ARCHAMBEAULT, JOSEPH-ALFRED (baptized Joseph-Hector-Alfred, he signed Alfred until 1904), Roman Catholic priest, educator, church and school administrator, and bishop; b. 23 May 1859 in L’Assomption, Lower Canada, son of Louis Archambeault*, a notary and politician, and Marguerite-Élisabeth Dugal; brother of Sir Horace Archambeault; d. 25 April 1913 in Saint-Thomas, near Joliette, Que.

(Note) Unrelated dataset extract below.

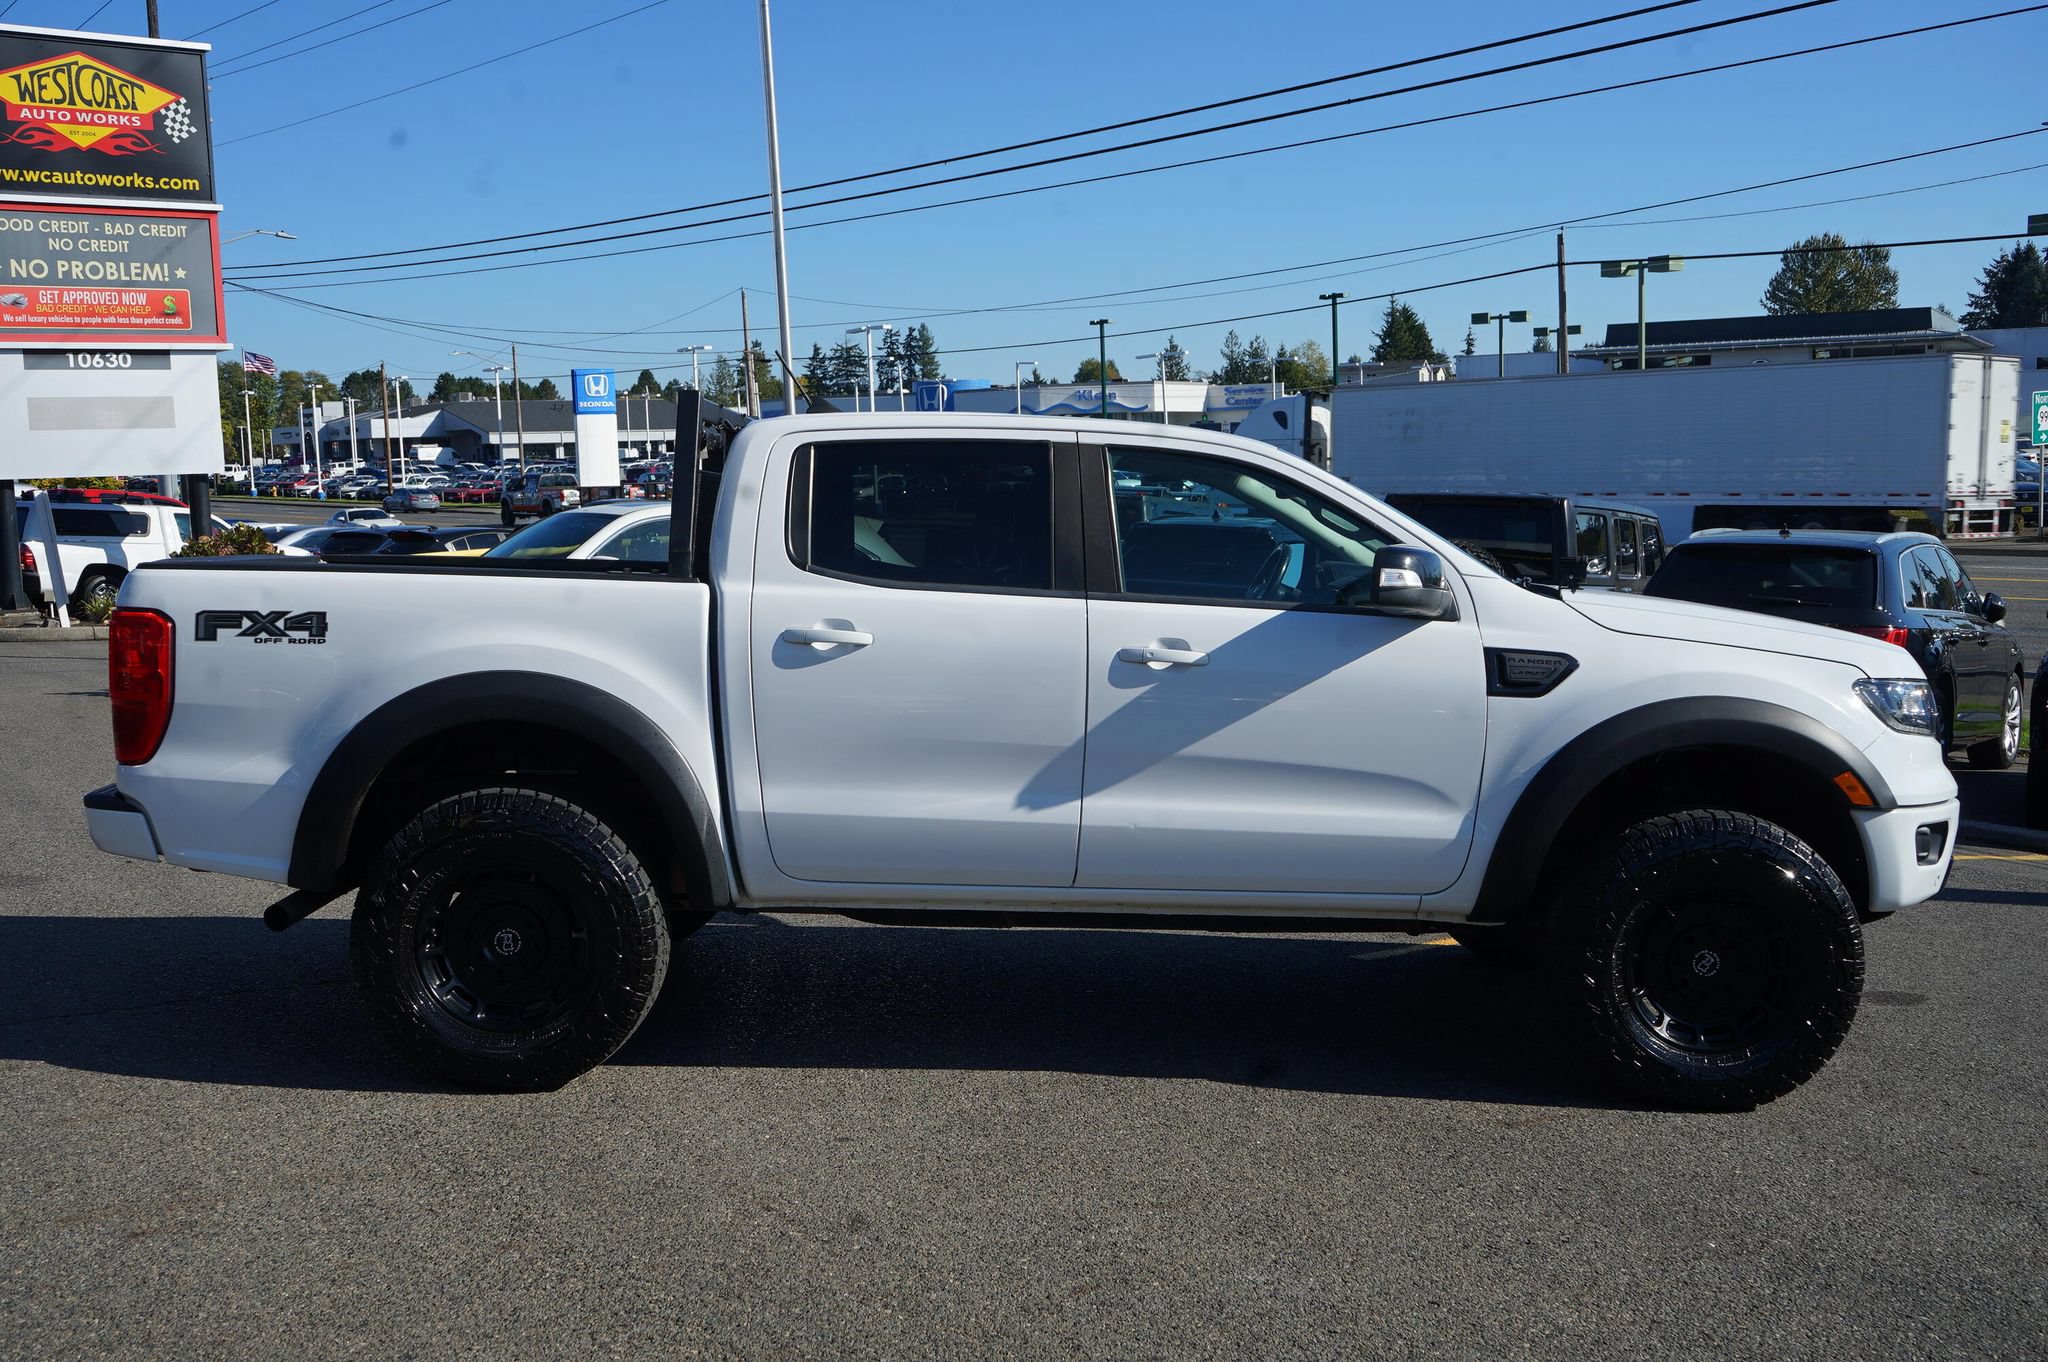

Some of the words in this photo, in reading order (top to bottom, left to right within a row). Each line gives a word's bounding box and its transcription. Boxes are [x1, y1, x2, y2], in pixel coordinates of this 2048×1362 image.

Joseph-Alfred Archambeault did his classical studies at the Collège de L’Assomption from 1870 to 1877 and his theological training at the Grand Séminaire de Montréal. After being ordained priest in 1882 by Bishop Édouard-Charles Fabre*, he left for three years of further education in Rome, where he obtained doctorates in theology and in canon law. During this period he made a great many European friends, whom he would visit regularly.

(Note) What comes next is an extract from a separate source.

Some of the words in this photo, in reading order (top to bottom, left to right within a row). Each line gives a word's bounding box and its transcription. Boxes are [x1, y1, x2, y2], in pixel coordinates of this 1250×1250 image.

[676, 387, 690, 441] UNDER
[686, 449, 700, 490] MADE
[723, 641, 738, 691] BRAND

From 1885 to 1888 Archambeault taught philosophy at the Collège de L’Assomption. While there, he and a few colleagues drafted a memorandum proposing L’Assomption as the seat of the diocese to be erected in the district of Joliette. In 1888 Fabre, who by now was an archbishop, brought him to Montreal to be his vice-chancellor; he became chancellor in 1892. With his methodical mind, Archambeault expedited matters “in an orderly fashion and on time,” occasionally at the risk of irritating people. He won Fabre’s complete confidence by his advice on such difficult issues as the condemnation of Canada-Revue (Montréal) in 1892. According to his archbishop, Archambeault’s exposition of church doctrine during the civil suit helped obtain a judgement favourable to the religious authorities [see Aristide Filiatreault]. It was by virtue of this confidence that he accompanied Fabre to Rome in 1890 and represented him there in 1896. One of the matters he discussed with the cardinals and the pope himself was the difficult question of Manitoba’s schools [see Thomas Greenway*].

In Montreal, in addition to serving as chancellor, Archambeault was ecclesiastical superior to the Sisters of Charity of Providence from 1891 to 1904, and in 1900 he supervised the writing and approval of their rules and constitutions. In 1888 he had begun teaching natural law in the faculty of arts at the Université Laval in Montreal, of which he was vice-rector from 1902 to 1904. Made a canon in 1891, he was appointed protonotary apostolic in 1902.

Anxious to preserve “the traditions of complete submission and absolute obedience to the Church of Rome,” in December 1896 Fabre designated Canon Archambeault as his successor. When Fabre’s bishops met on 4 Jan. 1897, however, they quickly and “unanimously” ruled him out because of his “extremely brusque and fiery” personality and because of his youthful appearance. But as the obstacles to the erection of a diocese in Joliette fell away in the years from 1900 to 1903, Archambeault was the one most frequently proposed for the office of bishop. Rome announced his appointment on 27 June 1904 and his episcopal ordination took place in Joliette on 24 August.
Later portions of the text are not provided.